Le Ministère Délégué auprès du premier Ministre, chargé de l’environnement et du développement durable réfute les allégations d’enfouissement de produits toxiques dans le Tagant


saharamedia
Dimanche 25 Avril 2010



Le ministère délégué auprès du premier Ministre chargé de l’environnement et du développement durable,  dément  des allégations d’enfouissement de produits toxiques dans la région du Tagant (localité de Letfetar) dans une déclaration rapportée samedi soir  par l’Agence Mauritanienne d’Information (AMI). Le directeur du contrôle environnemental, Aboubacar Ould Amanatoullah, affirme que le produit entreposé dans cette région, et  présenté comme « toxique et dangereux » pour la santé  par une partie de la presse, est constitué « de dieldrine ». Cette  matière dépourvue « de potentiel explosif ». Ainsi,  « les symptômes de goitre et de cécité ne lui sont pas imputable ». Le haut responsable national de l’environnement signale  que  le site en question « est sécurisé grâce à une fixation mécanique du sol (claironné).
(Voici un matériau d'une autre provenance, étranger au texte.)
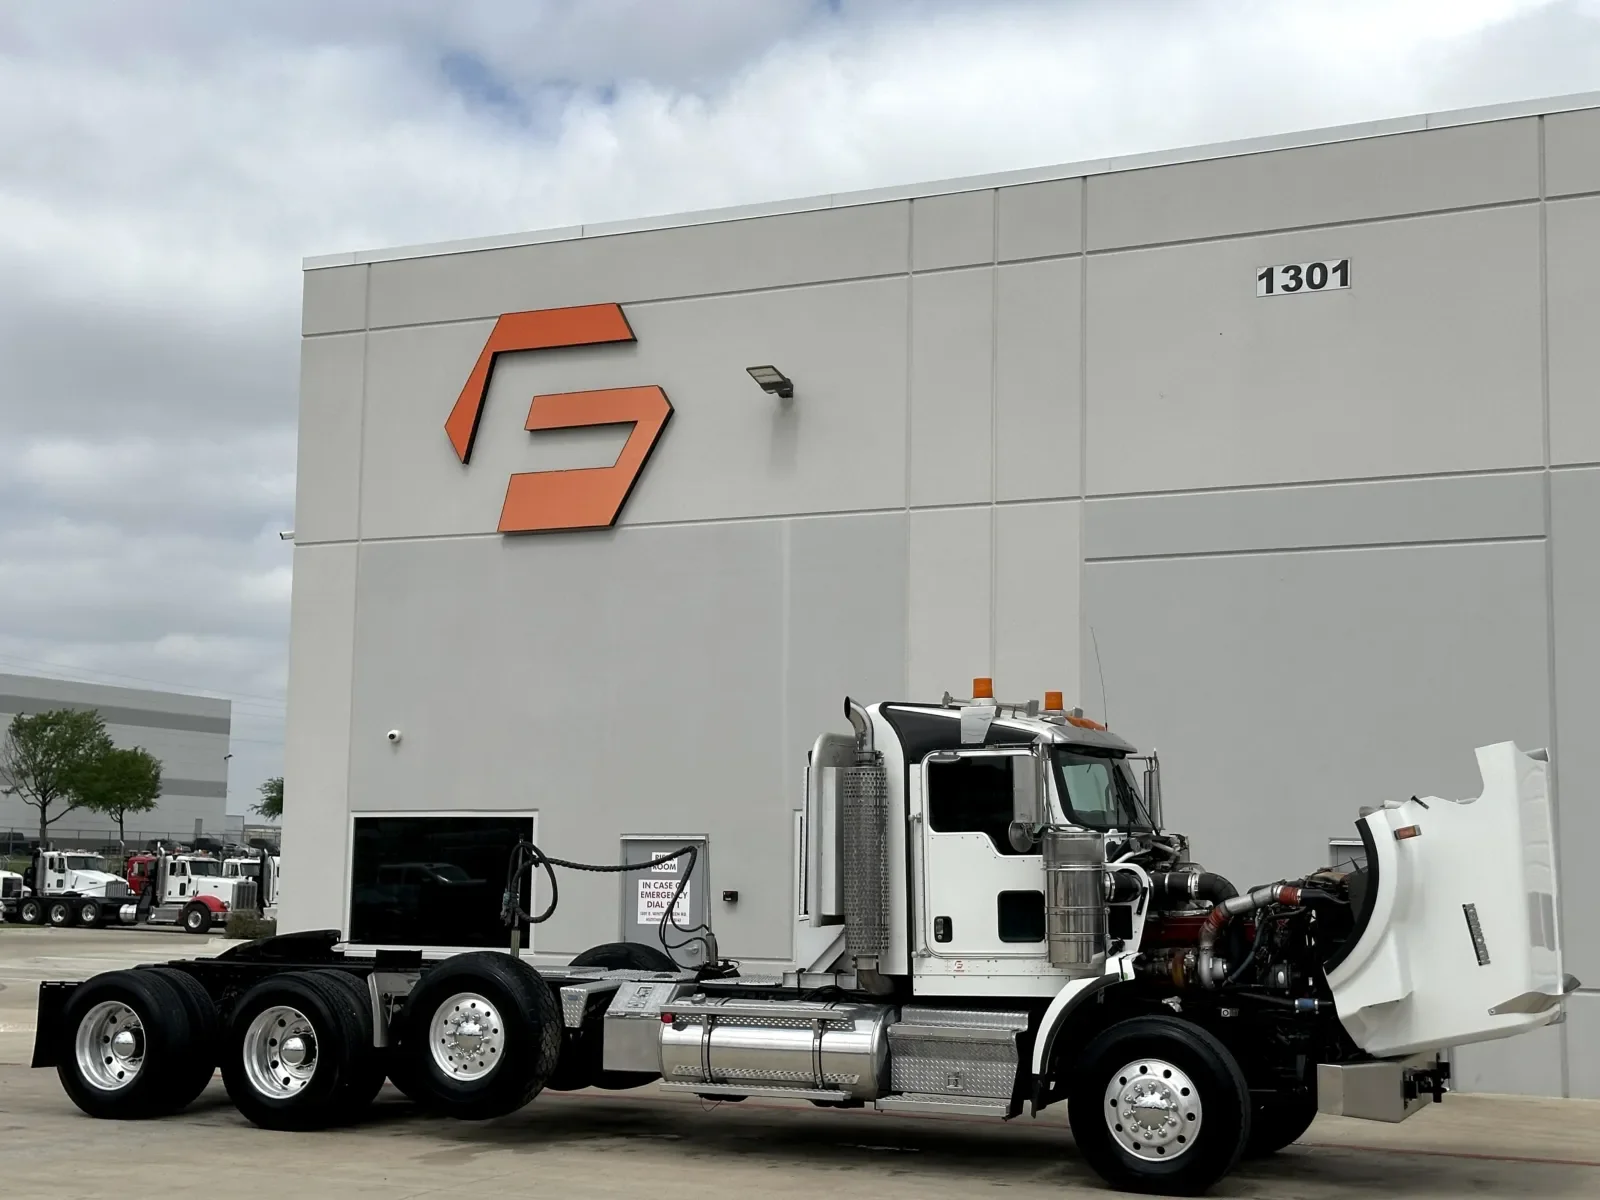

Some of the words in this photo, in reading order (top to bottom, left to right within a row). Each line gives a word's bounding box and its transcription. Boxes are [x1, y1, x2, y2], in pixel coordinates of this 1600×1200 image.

[1258, 260, 1348, 294] 1301
[653, 881, 673, 890] CASE
[1463, 903, 1491, 965] KENWORTH
Il est reboisé et les tâches visibles du produit ont été recouvertes de plastique afin de réduire efficacement les nuises causées par les odeurs de produits  et les fûts de dieldrine ont été déterrés, leur contenu transvasés dans d’autres conteneurs,  transférés et stockés dans les locaux du Centre National de Lutte Antiacridienne (CNLA) ».Des prélèvements ont été effectués pour déterminer la contamination ou non d’une nappe se trouvant dans la zone. Les raisons de la présence dans la zone du  produit objet de ce début de polémique : il s’agit   d’un dépôt  issu  d’un stock qui servait de ravitaillement en pesticides des zones centrales et au Nord de la Mauritanie au cours des années 1974-1975. Celui-ci était géré par l’Organisation Commune de Lutte Antiacridienne et Antiaviaire regroupant la Mauritanie, le Mali, le Sénégal, la Gambie, le Tchad, le Niger, le Bénin, le Burkina Faso, la Côte d’Ivoire et le Cameroun, selon Ould Amanatoullah. Le dossier en question fait  est  suivi de manière  constante par le département de l’environnement  depuis l’année  2002. Il a fait l’objet d’une étude établi par un groupe d’experts hollandais, ajoute le directeur.